Created Tue, 10 Feb 2026 22:04:41 -0600 Modified Wed, 25 Feb 2026 15:47:19 +0000

Summary

After spending significant time using NixOS, I decided to move back to a more traditional Linux distribution. This wasn’t because NixOS is bad — it’s powerful — but because it wasn’t aligned with my current learning and career goals.


What I Loved About NixOS

NixOS is a declarative operating system. Instead of manually installing packages one by one, everything is defined in configuration files.

That means:

  • Reproducible systems
  • Clean rollbacks
  • Immutable infrastructure
  • Powerful DevOps-style workflows

It gave me the “immutable system” I always wanted.

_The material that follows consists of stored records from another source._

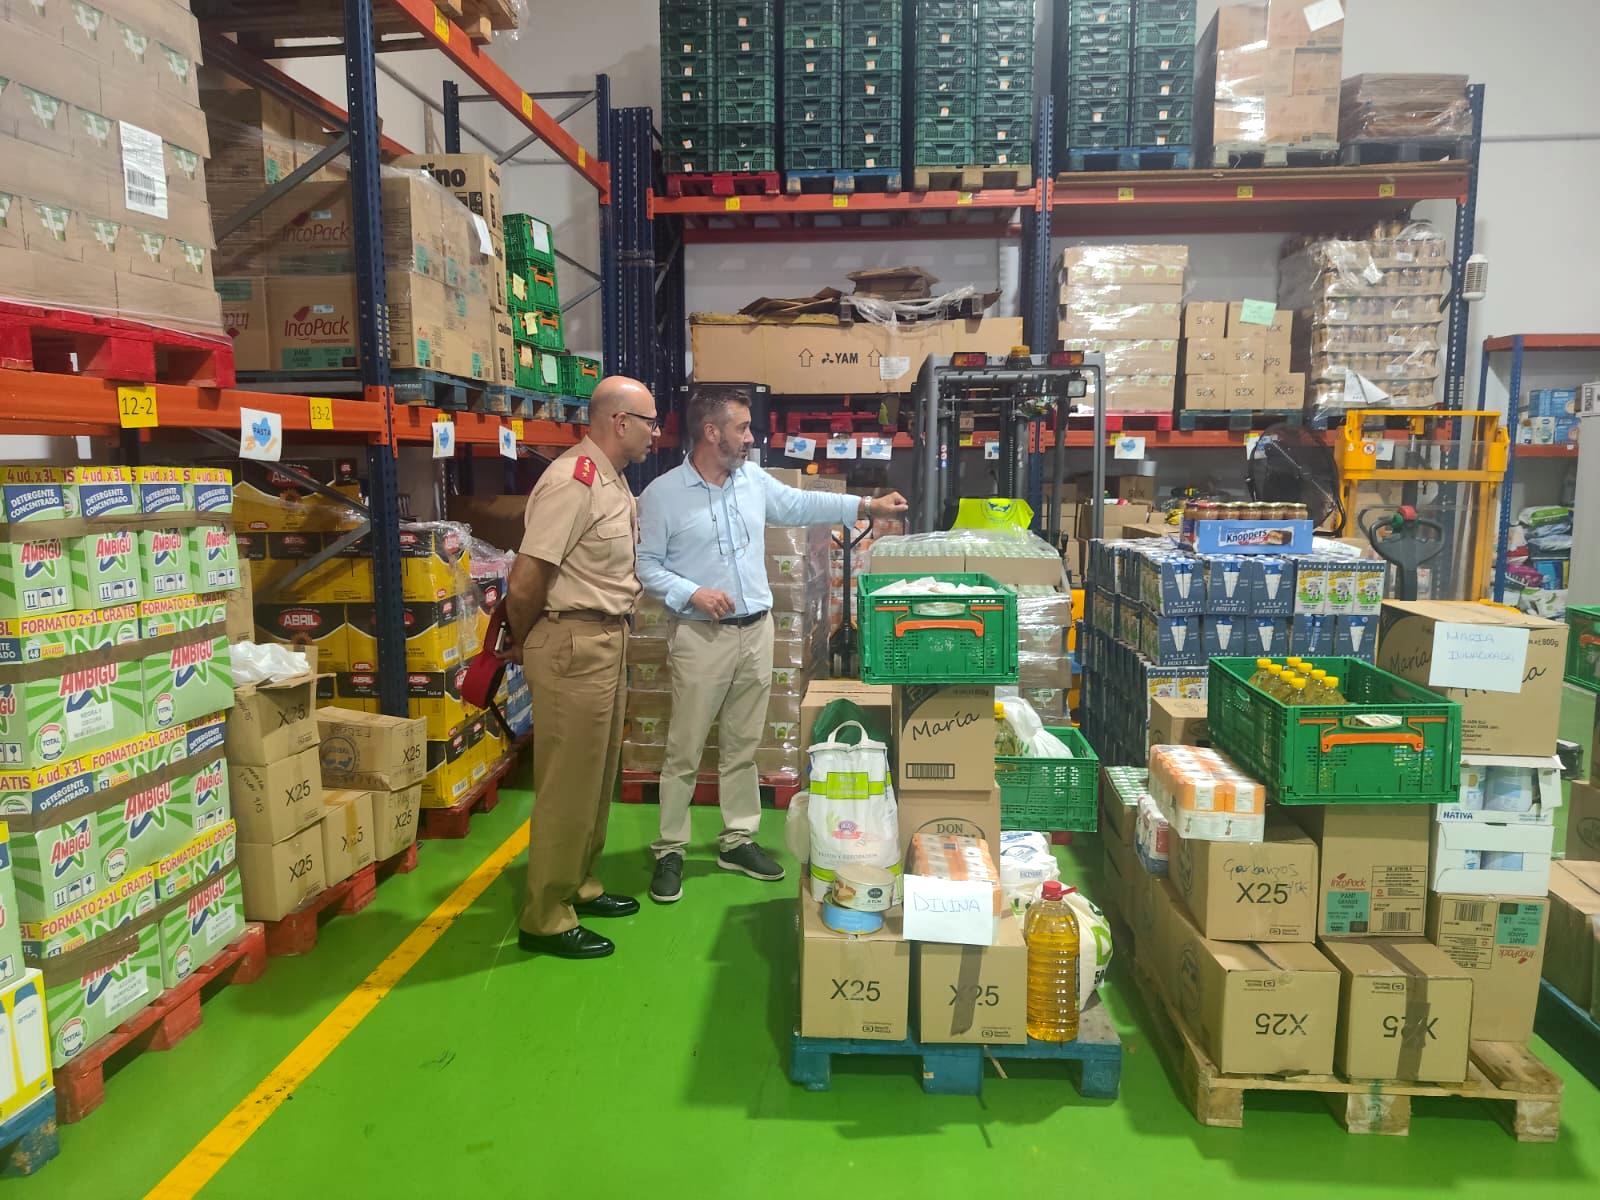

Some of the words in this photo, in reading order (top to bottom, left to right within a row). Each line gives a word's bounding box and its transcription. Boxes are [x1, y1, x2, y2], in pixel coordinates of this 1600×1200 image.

[284, 315, 349, 337] IncoPack
[835, 353, 858, 364] YAM
[1275, 386, 1294, 395] X25
[121, 396, 154, 415] 12-2
[311, 406, 331, 421] 13-2
[253, 427, 272, 436] PASTA
[44, 469, 56, 482] 3L
[114, 469, 125, 481] 3L
[10, 489, 55, 508] DETERGENTE
[85, 488, 124, 506] DETERGENTE
[86, 495, 129, 516] CONCENTRADO
[145, 488, 177, 504] DETERGENTE
[145, 494, 180, 512] CONCENTRADO
[10, 496, 59, 518] CONCENTRADO
[1226, 530, 1267, 543] Knoppers
[143, 597, 184, 615] FORMATO
[21, 614, 76, 635] FORMATO
[79, 610, 101, 626] 2+1L
[103, 604, 136, 621] GRATIS
[284, 614, 318, 626] ABRIL
[353, 676, 374, 684] ABRIL
[912, 711, 980, 741] María
[42, 738, 60, 746] TOTAL
[92, 743, 138, 769] FORMATO
[139, 736, 158, 752] 2+1L
[159, 725, 186, 743] GRATIS
[403, 744, 421, 764] X25
[37, 774, 44, 785] 4
[72, 760, 86, 772] 3L
[40, 779, 84, 811] DETERGENTE
[286, 780, 312, 806] X25
[394, 809, 412, 829] X25
[1443, 811, 1473, 820] NATIVA
[936, 823, 963, 834] DON
[159, 846, 197, 875] FORMATO
[214, 823, 236, 843] GRATIS
[109, 861, 124, 870] TOTAL
[288, 854, 314, 882] X25
[913, 891, 981, 912] DIVINA
[1236, 882, 1289, 905] X25
[41, 903, 96, 939] FORMATO
[98, 891, 120, 909] 2+1L
[121, 871, 153, 898] GRATIS
[830, 979, 881, 1002] X25
[1255, 1013, 1308, 1036] X25
[63, 1032, 81, 1044] TOTAL

For a system engineer or DevOps professional, this is amazing.


The Problem I Ran Into

The friction started when I tried to:

  • Install certain niche programs
  • Use specific VPN software
  • Configure tools that assume a traditional Linux layout

Sometimes packages weren’t available. Other times they required workarounds. And occasionally they just didn’t behave like they would on Ubuntu or RHEL.

Instead of learning Linux fundamentals, I was debugging Nix.


Why I Left

Right now, my goal is to:

  • Strengthen Linux fundamentals
  • Study for LPIC
  • Build skills that have broader market value
  • Understand traditional package management deeply

Nix abstracts away a lot of the “mess” of Linux.
But that mess is also what I need to understand.

Before building advanced declarative systems, I need to master the basics.


What I Learned

NixOS taught me:

  • Infrastructure as code thinking
  • Configuration discipline
  • System reproducibility
  • The power of declarative environments

I don’t regret using it.

I just recognize that it wasn’t the right tool for this stage of my journey.


Final Thoughts

I may return to NixOS in the future.

But for now, I need to walk before I redesign the road.